As the band explain, ‘The album, influenced by Neil Young and Einstürzende Neubauten, was recorded across various locations including St. John’s, Providence, Liverpool, and Edinburgh. Environmental elements play a significant role, with guitars recorded during a nor’easter and vocals captured at lighthouses, incorporating natural sounds like wind and bird calls… Toronto’s Church of the Holy Trinity and the Cowboy Junkies’ The Trinity Sessions also influenced the album’s sound, adding to its atmospheric and melancholic feel.’

Atmospheric and melancholic it is, although many of the aforementioned touchstones aren’t easy to extrapolate from the mix. Nevertheless, and you feel your stomach enter a slow churn, which is exacerbated by the low-gear drones which sound like low-circling jets – there have been a lot of those lately and the air is filled with paranoia and mounting dread right now. Further, however not only provides a sonic landscape that matches this mood, but runs far deeper into the psyche.

The acoustic ‘Little Bird’ scratches and scrapes over a fret-buzzing acoustic guitar. The fifteen-minute ‘Heartword is simply a mammoth-length surge of everything, occasionally breaking down to piano and deep tectonic grinds.

It’s fitting that Deep Fade should call their second album Further, because this is where they take things. At times it’s terrifying and at times it’s immense.

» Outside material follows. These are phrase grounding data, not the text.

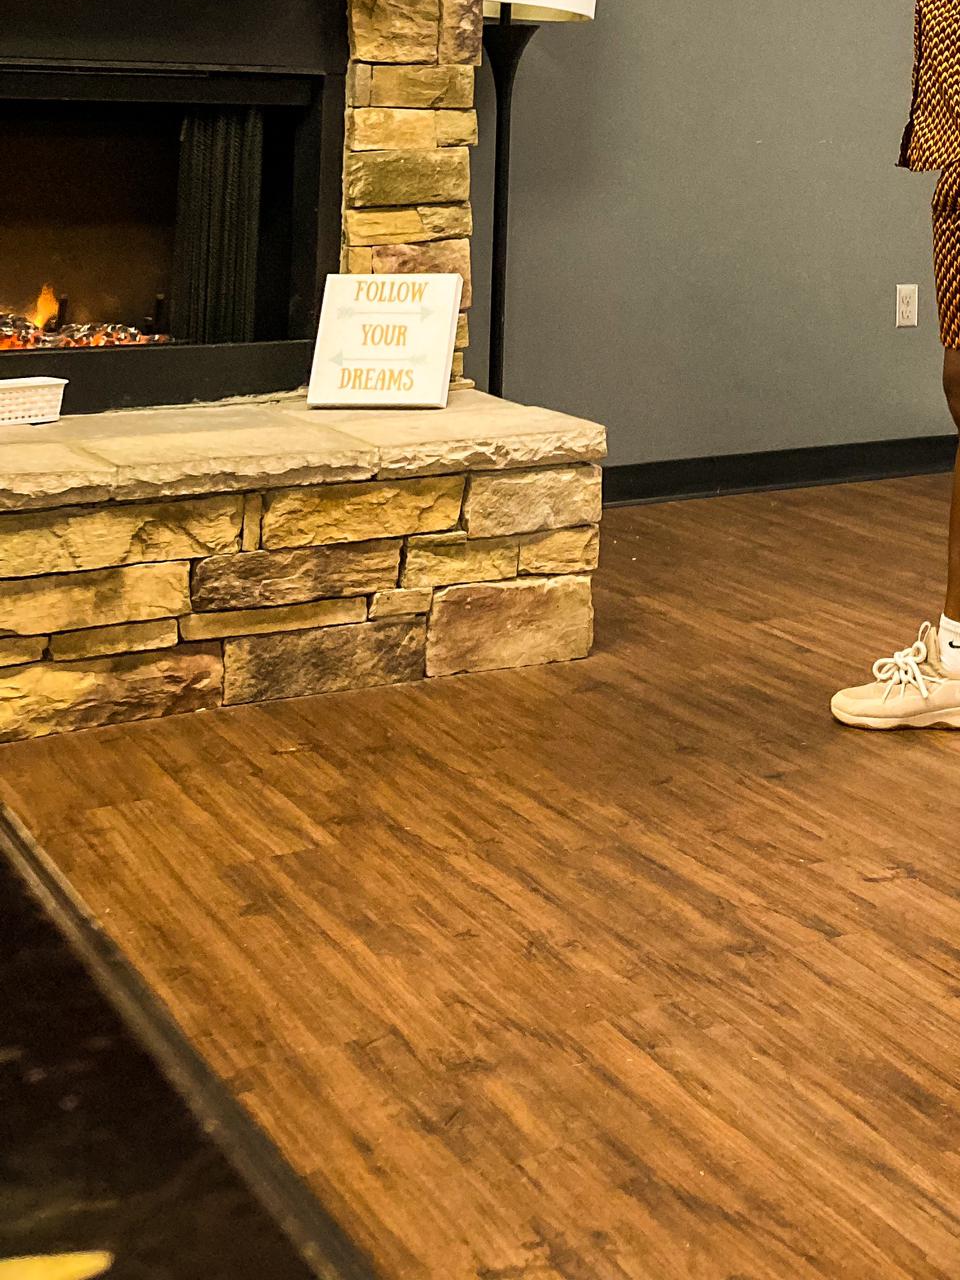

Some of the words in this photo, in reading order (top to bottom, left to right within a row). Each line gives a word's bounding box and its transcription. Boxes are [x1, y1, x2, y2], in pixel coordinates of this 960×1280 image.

[353, 280, 429, 303] FOLLOW
[361, 323, 408, 346] YOUR
[337, 367, 415, 392] DREAMS
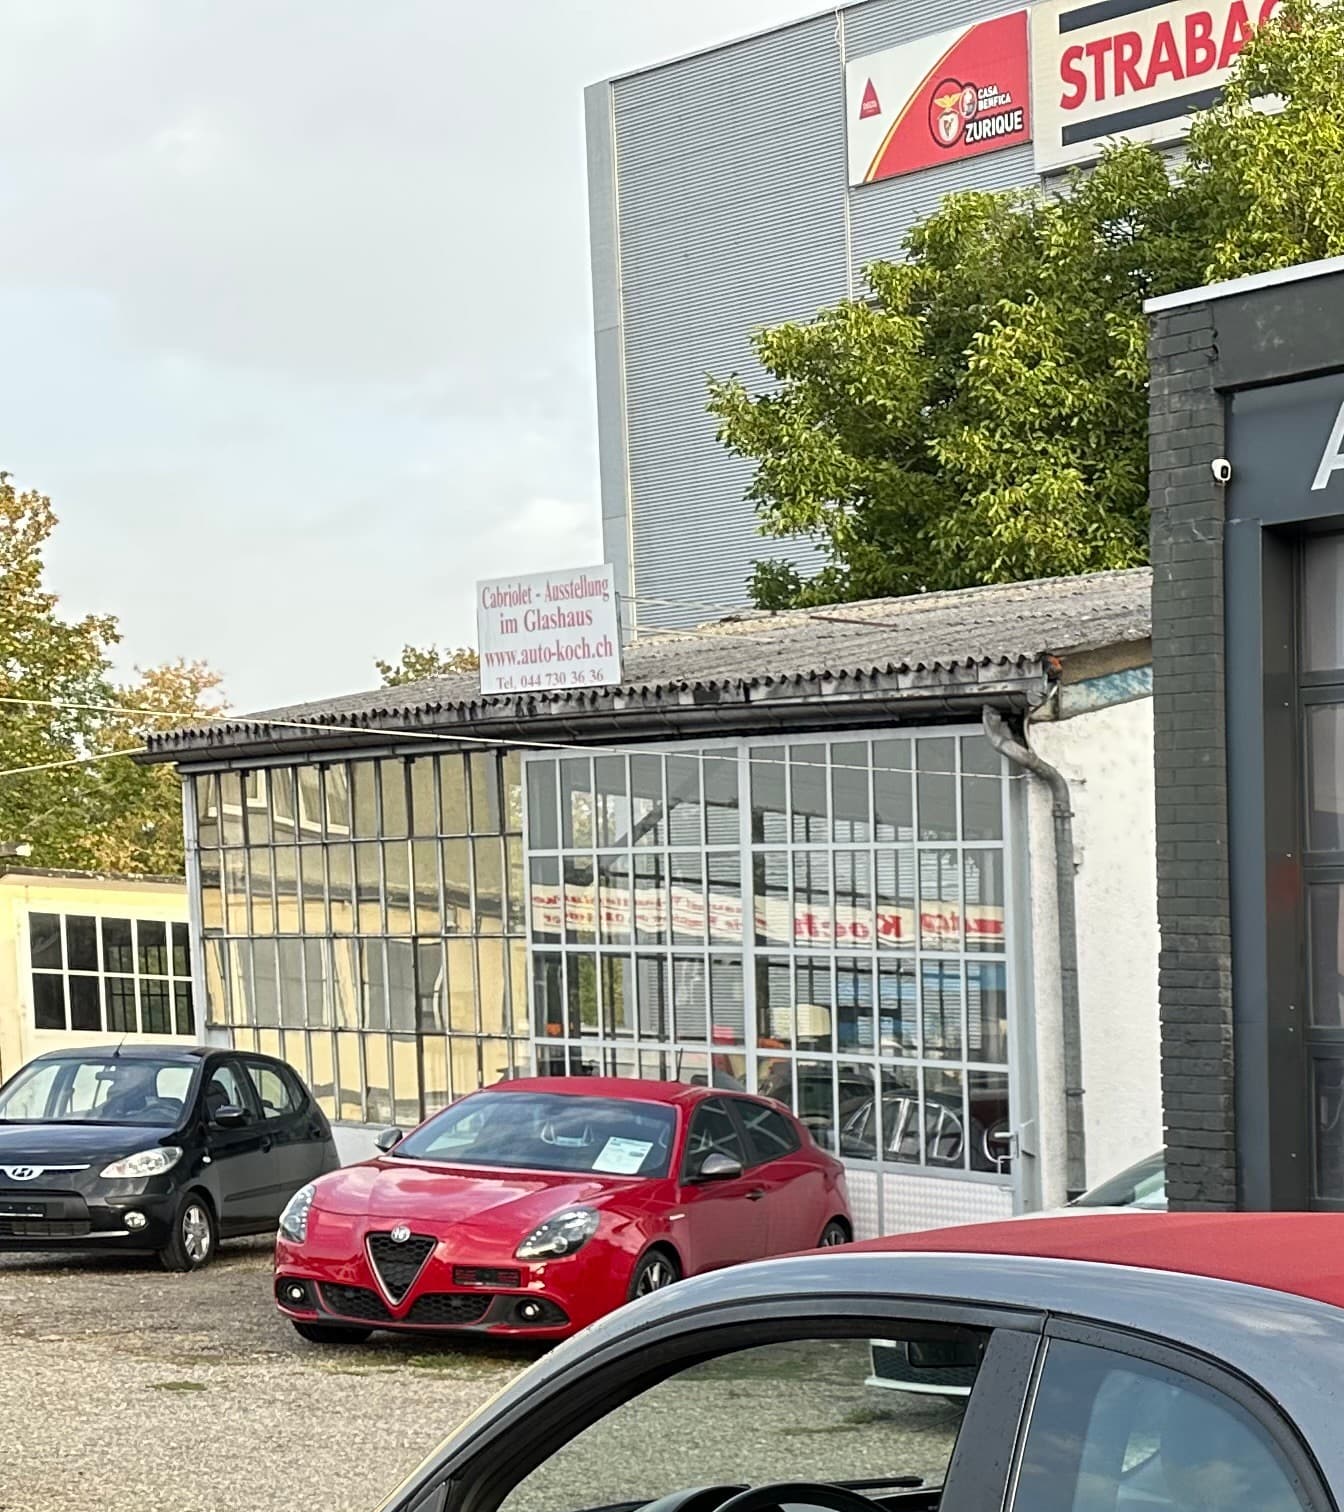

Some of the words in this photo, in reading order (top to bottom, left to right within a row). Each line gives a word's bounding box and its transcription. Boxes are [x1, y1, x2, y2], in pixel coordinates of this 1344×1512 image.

[977, 85, 998, 99] CASA
[978, 93, 1011, 111] BENFICA
[965, 110, 1023, 143] ZURIQUE
[482, 583, 532, 610] Cabriolet
[544, 574, 610, 603] Ausstellung
[500, 612, 518, 635] im
[524, 606, 593, 632] Glashaus
[485, 634, 613, 668] www.auto-koch.ch
[521, 675, 541, 687] 044
[546, 672, 566, 686] 730
[571, 671, 585, 685] 36

The lyrics are as breathtaking as the crushing bass on ‘Wake Me’, and the sparse arrangement of closer ‘Fixed and Faded’, with its breathy, folky vocal and crunchy overdriven guitar which drones, echoes, and sculpts magnificent spares from feedback and sustain, brings a sense of finality and offers much to digest.

The digital version includes an additional track, another monumental epic in the form of the eleven-minute ‘Hawk’, a work of haunting, spectral acoustic country: it’s one hell of a bonus worthy of what is inarguably, one hell of an album.